We were off for the tour of the Hungarian Parliament Building.
Our matching Timberland boots – authentic (mine) vs. fake
We managed to walked there with Dj’s excellent navigational skills.
The Hungarian Parliament Building by day
I have to say that the building does look a lot less impressive in the day and up close compared to the last time we saw it at night. Nevertheless, still a stunning piece of architecture!
We went for the English guided tour, which I felt was way too short for the amount we paid. But the interior was really stunning – gold and red carpets throughout. We also managed to catch the Changing of the Guards of the Hungarian crown jewels (no pictures allowed).
The lavish interior
Chamber of the Lower House of the National Assembly of Hungary
After the tour ended, we went for lunch. I can’t remember what the name of the restaurant was, but it was pretty nice inside, and better still, they had awesome goulash, with warm bread as a lid. OMFG.
Always have goulash
After having our fill, it was off once again to the Buda side of the city to see the Fisherman’s Bastion.
Matthias Church (Mátyás-templom)
Matthias Church is a Roman Catholic church and is over 700 years old. It stands beside the Fisherman’s Bastion; both of which overlook the Danube and are in the Castle District. I think its tiles are so beautiful and colourful. We didn’t enter because there was an entrance fee. I’m not a big fan of churches which charge for entry.
Fisherman’s Bastion (Halászbástya)
The Fisherman’s Bastion isn’t as old as I thought – it was built between 1895 and 1902. I really love neo-Gothic style architecture. The Fisherman’s Bastion reminded me a little of the Sacré-Cœur. The view of Pest and the Danube from the Fisherman’s Bastion is amazing.
We walked to Buda Castle (Budavári Palota) from the Fisherman’s Bastion.
Buda Castle (or Royal Palace)
Courtyard of the Buda Castle
Buda Castle is also home to the Hungarian National Gallery and the Budapest Historical Museum. If you are at Buda Castle on the hour, you can also catch the Changing of the Guards.
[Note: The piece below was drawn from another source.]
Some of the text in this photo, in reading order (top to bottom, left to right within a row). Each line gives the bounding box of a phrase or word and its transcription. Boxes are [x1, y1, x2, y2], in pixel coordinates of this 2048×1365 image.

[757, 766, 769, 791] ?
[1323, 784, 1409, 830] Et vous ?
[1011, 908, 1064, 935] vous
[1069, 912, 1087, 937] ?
Changing of the Guards at Buda Castle
We grabbed a quick meal at a small café before we headed back to the Fisherman’s Bastion to catch the night view of the city.
Hungarian Parliament Building
Mattthias Church & the Fisherman’s Bastion
View of Pest, the Danube and Széchenyi Chain Bridge
That was it for the day. We headed back to our hostel. On the way back, we passed by a small market, and guess what I spotted?! Trdelník! Or rather, they call them kürtőskalács here in Hungary. Which is better? I can’t choose. But honestly, the best thing ever! I ordered the original right away. Calories can be burnt, but kürtőskalács cannot wait.
A must-try – Kürtőskalács
The next morning, we walked to the Dohány Street Synagogue.
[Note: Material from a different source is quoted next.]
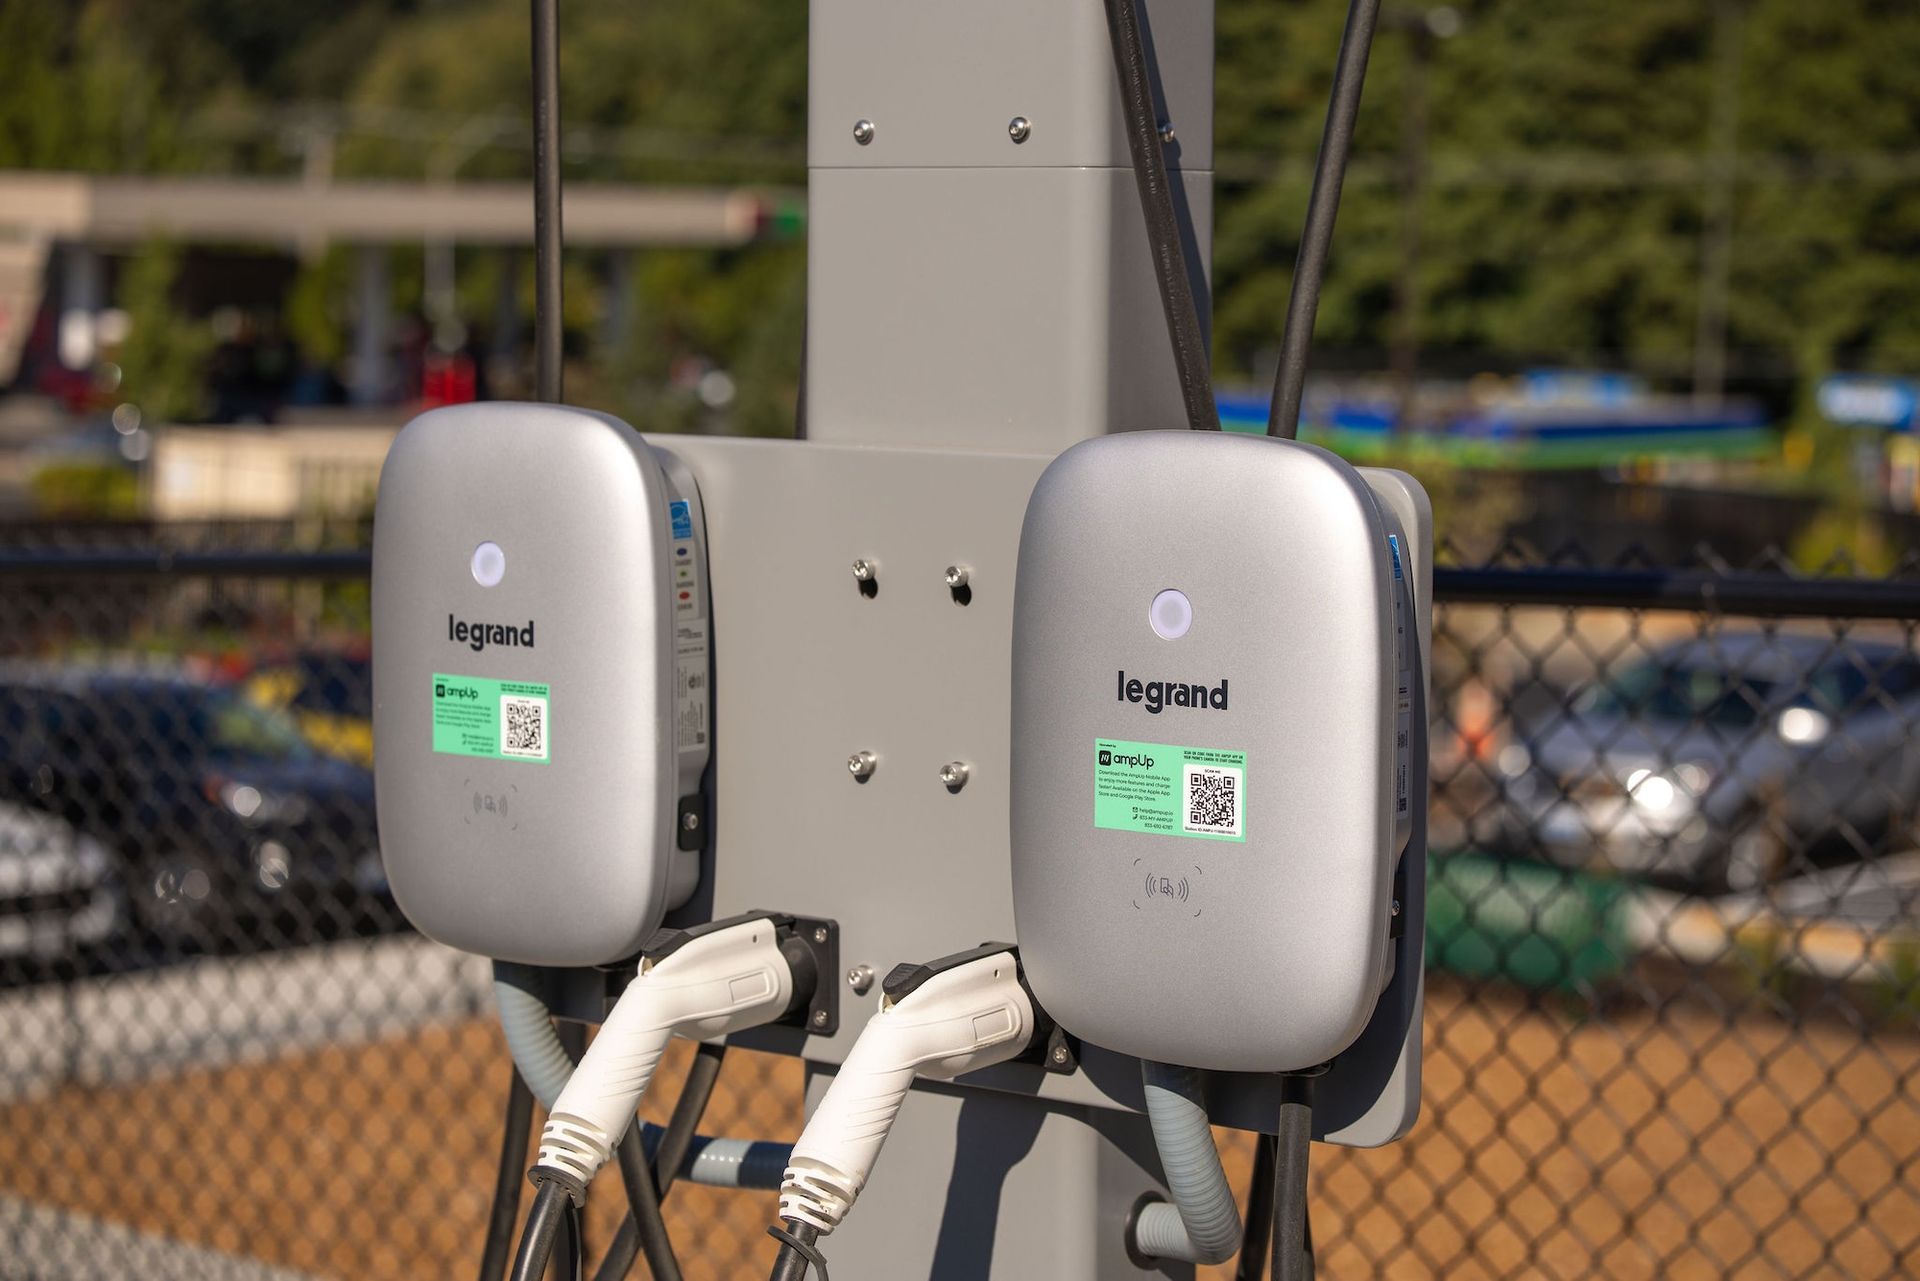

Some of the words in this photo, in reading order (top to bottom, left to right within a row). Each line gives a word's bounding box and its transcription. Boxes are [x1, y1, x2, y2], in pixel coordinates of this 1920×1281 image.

Moorish and Byzantine style architecture of the Dohány Street Synagogue. Reminiscent of the Pena National Palace.
As usual, Dj is always hungry, and he was craving for this apparently amazing spicy catfish soup that the guys had introduced him to the night before. I sat and watched him eat (and took a couple of mouthfuls too). It was pretty good, I must admit. I missed spice!
Spicy catfish soup
Our final agenda was to walk along the Liberty Bridge.
I think the Liberty Bridge is the more beautiful bridge, but I think many people would disagree with me 😦
Budapest definitely ranks as one of my favourite trips. The city feels safe, is clean, affordable and is architecturally stunning (and it has an abundance of kürtőskalács). Before leaving Budapest, I bought a bag full of kürtőskalács to bring back with me to Graz. But I kinda finished it in the train ride back. Damn.